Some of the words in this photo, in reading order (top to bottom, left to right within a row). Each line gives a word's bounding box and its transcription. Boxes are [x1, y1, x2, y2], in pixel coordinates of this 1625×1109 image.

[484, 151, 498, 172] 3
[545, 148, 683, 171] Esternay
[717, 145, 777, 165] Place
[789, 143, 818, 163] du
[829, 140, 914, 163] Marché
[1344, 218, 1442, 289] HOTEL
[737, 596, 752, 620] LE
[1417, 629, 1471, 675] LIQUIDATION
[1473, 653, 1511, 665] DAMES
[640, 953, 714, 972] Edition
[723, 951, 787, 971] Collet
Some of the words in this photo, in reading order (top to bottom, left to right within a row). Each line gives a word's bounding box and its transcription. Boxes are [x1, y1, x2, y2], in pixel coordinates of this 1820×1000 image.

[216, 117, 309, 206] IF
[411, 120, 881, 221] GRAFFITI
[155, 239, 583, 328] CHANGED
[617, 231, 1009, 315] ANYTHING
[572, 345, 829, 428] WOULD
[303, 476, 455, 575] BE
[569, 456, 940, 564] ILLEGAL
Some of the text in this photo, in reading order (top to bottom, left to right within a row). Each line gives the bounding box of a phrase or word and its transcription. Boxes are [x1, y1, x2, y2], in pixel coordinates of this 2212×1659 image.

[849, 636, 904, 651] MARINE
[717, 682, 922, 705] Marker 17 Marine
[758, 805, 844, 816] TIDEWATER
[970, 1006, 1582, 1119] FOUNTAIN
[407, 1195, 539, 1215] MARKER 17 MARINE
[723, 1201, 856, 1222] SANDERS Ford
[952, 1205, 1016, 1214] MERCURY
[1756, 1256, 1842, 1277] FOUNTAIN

##############################

- **Instructions to follow**:
Write out the whole listing exactly as it stands.

- **Result for this exercise**:
Some of the words in this photo, in reading order (top to bottom, left to right within a row). Each line gives a word's bounding box and its transcription. Boxes are [x1, y1, x2, y2], in pixel coordinates of this 1625×1109 image.

[484, 151, 498, 172] 3
[545, 148, 683, 171] Esternay
[717, 145, 777, 165] Place
[789, 143, 818, 163] du
[829, 140, 914, 163] Marché
[1344, 218, 1442, 289] HOTEL
[737, 596, 752, 620] LE
[1417, 629, 1471, 675] LIQUIDATION
[1473, 653, 1511, 665] DAMES
[640, 953, 714, 972] Edition
[723, 951, 787, 971] Collet
Some of the words in this photo, in reading order (top to bottom, left to right within a row). Each line gives a word's bounding box and its transcription. Boxes are [x1, y1, x2, y2], in pixel coordinates of this 1820×1000 image.

[216, 117, 309, 206] IF
[411, 120, 881, 221] GRAFFITI
[155, 239, 583, 328] CHANGED
[617, 231, 1009, 315] ANYTHING
[572, 345, 829, 428] WOULD
[303, 476, 455, 575] BE
[569, 456, 940, 564] ILLEGAL
Some of the text in this photo, in reading order (top to bottom, left to right within a row). Each line gives the bounding box of a phrase or word and its transcription. Boxes are [x1, y1, x2, y2], in pixel coordinates of this 2212×1659 image.

[849, 636, 904, 651] MARINE
[717, 682, 922, 705] Marker 17 Marine
[758, 805, 844, 816] TIDEWATER
[970, 1006, 1582, 1119] FOUNTAIN
[407, 1195, 539, 1215] MARKER 17 MARINE
[723, 1201, 856, 1222] SANDERS Ford
[952, 1205, 1016, 1214] MERCURY
[1756, 1256, 1842, 1277] FOUNTAIN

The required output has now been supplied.